▶ _Work required_
In the response, the entries must appear exactly as supplied.

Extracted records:
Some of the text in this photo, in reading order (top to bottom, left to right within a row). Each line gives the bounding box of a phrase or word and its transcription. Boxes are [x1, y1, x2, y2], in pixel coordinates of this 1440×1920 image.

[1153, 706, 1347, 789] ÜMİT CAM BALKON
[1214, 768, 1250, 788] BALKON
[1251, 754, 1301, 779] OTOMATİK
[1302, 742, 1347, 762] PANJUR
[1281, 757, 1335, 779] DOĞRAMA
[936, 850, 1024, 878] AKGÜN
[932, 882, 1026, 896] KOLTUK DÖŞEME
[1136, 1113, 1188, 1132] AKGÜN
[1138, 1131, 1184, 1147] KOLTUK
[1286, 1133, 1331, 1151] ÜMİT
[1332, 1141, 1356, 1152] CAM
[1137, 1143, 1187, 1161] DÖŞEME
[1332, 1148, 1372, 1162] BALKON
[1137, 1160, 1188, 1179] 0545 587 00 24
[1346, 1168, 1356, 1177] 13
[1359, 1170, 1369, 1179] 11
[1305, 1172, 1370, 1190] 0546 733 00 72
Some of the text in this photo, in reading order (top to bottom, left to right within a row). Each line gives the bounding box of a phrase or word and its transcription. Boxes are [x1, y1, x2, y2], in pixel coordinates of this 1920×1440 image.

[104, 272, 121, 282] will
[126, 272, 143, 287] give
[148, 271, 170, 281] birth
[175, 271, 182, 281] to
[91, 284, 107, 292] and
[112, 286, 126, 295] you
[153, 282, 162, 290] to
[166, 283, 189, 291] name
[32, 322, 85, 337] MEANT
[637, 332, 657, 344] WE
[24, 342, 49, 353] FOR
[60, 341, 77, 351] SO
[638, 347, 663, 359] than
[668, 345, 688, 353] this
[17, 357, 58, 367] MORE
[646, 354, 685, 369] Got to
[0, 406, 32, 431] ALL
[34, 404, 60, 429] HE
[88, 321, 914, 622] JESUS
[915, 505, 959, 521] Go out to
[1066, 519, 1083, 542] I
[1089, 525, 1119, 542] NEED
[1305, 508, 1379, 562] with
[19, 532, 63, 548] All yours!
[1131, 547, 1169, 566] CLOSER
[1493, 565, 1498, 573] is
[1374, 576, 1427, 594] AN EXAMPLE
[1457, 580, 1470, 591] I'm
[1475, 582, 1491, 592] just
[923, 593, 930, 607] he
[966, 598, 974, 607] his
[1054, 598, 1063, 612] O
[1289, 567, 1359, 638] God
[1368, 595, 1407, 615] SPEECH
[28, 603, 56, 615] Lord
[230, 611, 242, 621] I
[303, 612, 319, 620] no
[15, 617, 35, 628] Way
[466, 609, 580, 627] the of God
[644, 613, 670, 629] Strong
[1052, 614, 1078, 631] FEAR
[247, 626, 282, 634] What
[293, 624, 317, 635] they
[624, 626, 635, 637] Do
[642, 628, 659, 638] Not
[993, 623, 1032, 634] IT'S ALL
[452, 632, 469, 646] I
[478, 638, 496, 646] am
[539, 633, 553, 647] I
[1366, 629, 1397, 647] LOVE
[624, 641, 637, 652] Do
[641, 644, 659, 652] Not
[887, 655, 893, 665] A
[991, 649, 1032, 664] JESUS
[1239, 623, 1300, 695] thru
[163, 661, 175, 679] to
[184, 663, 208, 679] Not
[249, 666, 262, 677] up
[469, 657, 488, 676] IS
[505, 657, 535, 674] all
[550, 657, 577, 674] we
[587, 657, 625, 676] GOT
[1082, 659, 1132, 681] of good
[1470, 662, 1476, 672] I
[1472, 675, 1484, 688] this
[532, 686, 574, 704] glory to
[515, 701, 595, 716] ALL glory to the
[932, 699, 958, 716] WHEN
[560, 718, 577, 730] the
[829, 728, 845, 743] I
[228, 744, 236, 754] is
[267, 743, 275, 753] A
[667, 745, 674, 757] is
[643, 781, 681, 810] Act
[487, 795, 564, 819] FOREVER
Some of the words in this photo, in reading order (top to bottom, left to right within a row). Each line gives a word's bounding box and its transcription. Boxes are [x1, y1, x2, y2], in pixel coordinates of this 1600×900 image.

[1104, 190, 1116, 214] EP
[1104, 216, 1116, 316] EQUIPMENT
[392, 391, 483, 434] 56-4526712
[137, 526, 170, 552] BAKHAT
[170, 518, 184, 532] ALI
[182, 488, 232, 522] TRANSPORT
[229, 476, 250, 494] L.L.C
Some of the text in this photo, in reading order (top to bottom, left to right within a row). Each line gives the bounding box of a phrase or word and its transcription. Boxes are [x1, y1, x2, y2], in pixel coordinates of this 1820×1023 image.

▶ _Solution for this exercise_
Some of the text in this photo, in reading order (top to bottom, left to right within a row). Each line gives the bounding box of a phrase or word and its transcription. Boxes are [x1, y1, x2, y2], in pixel coordinates of this 1440×1920 image.

[1153, 706, 1347, 789] ÜMİT CAM BALKON
[1214, 768, 1250, 788] BALKON
[1251, 754, 1301, 779] OTOMATİK
[1302, 742, 1347, 762] PANJUR
[1281, 757, 1335, 779] DOĞRAMA
[936, 850, 1024, 878] AKGÜN
[932, 882, 1026, 896] KOLTUK DÖŞEME
[1136, 1113, 1188, 1132] AKGÜN
[1138, 1131, 1184, 1147] KOLTUK
[1286, 1133, 1331, 1151] ÜMİT
[1332, 1141, 1356, 1152] CAM
[1137, 1143, 1187, 1161] DÖŞEME
[1332, 1148, 1372, 1162] BALKON
[1137, 1160, 1188, 1179] 0545 587 00 24
[1346, 1168, 1356, 1177] 13
[1359, 1170, 1369, 1179] 11
[1305, 1172, 1370, 1190] 0546 733 00 72
Some of the text in this photo, in reading order (top to bottom, left to right within a row). Each line gives the bounding box of a phrase or word and its transcription. Boxes are [x1, y1, x2, y2], in pixel coordinates of this 1920×1440 image.

[104, 272, 121, 282] will
[126, 272, 143, 287] give
[148, 271, 170, 281] birth
[175, 271, 182, 281] to
[91, 284, 107, 292] and
[112, 286, 126, 295] you
[153, 282, 162, 290] to
[166, 283, 189, 291] name
[32, 322, 85, 337] MEANT
[637, 332, 657, 344] WE
[24, 342, 49, 353] FOR
[60, 341, 77, 351] SO
[638, 347, 663, 359] than
[668, 345, 688, 353] this
[17, 357, 58, 367] MORE
[646, 354, 685, 369] Got to
[0, 406, 32, 431] ALL
[34, 404, 60, 429] HE
[88, 321, 914, 622] JESUS
[915, 505, 959, 521] Go out to
[1066, 519, 1083, 542] I
[1089, 525, 1119, 542] NEED
[1305, 508, 1379, 562] with
[19, 532, 63, 548] All yours!
[1131, 547, 1169, 566] CLOSER
[1493, 565, 1498, 573] is
[1374, 576, 1427, 594] AN EXAMPLE
[1457, 580, 1470, 591] I'm
[1475, 582, 1491, 592] just
[923, 593, 930, 607] he
[966, 598, 974, 607] his
[1054, 598, 1063, 612] O
[1289, 567, 1359, 638] God
[1368, 595, 1407, 615] SPEECH
[28, 603, 56, 615] Lord
[230, 611, 242, 621] I
[303, 612, 319, 620] no
[15, 617, 35, 628] Way
[466, 609, 580, 627] the of God
[644, 613, 670, 629] Strong
[1052, 614, 1078, 631] FEAR
[247, 626, 282, 634] What
[293, 624, 317, 635] they
[624, 626, 635, 637] Do
[642, 628, 659, 638] Not
[993, 623, 1032, 634] IT'S ALL
[452, 632, 469, 646] I
[478, 638, 496, 646] am
[539, 633, 553, 647] I
[1366, 629, 1397, 647] LOVE
[624, 641, 637, 652] Do
[641, 644, 659, 652] Not
[887, 655, 893, 665] A
[991, 649, 1032, 664] JESUS
[1239, 623, 1300, 695] thru
[163, 661, 175, 679] to
[184, 663, 208, 679] Not
[249, 666, 262, 677] up
[469, 657, 488, 676] IS
[505, 657, 535, 674] all
[550, 657, 577, 674] we
[587, 657, 625, 676] GOT
[1082, 659, 1132, 681] of good
[1470, 662, 1476, 672] I
[1472, 675, 1484, 688] this
[532, 686, 574, 704] glory to
[515, 701, 595, 716] ALL glory to the
[932, 699, 958, 716] WHEN
[560, 718, 577, 730] the
[829, 728, 845, 743] I
[228, 744, 236, 754] is
[267, 743, 275, 753] A
[667, 745, 674, 757] is
[643, 781, 681, 810] Act
[487, 795, 564, 819] FOREVER
Some of the words in this photo, in reading order (top to bottom, left to right within a row). Each line gives a word's bounding box and its transcription. Boxes are [x1, y1, x2, y2], in pixel coordinates of this 1600×900 image.

[1104, 190, 1116, 214] EP
[1104, 216, 1116, 316] EQUIPMENT
[392, 391, 483, 434] 56-4526712
[137, 526, 170, 552] BAKHAT
[170, 518, 184, 532] ALI
[182, 488, 232, 522] TRANSPORT
[229, 476, 250, 494] L.L.C
Some of the text in this photo, in reading order (top to bottom, left to right within a row). Each line gives the bounding box of a phrase or word and its transcription. Boxes are [x1, y1, x2, y2], in pixel coordinates of this 1820×1023 image.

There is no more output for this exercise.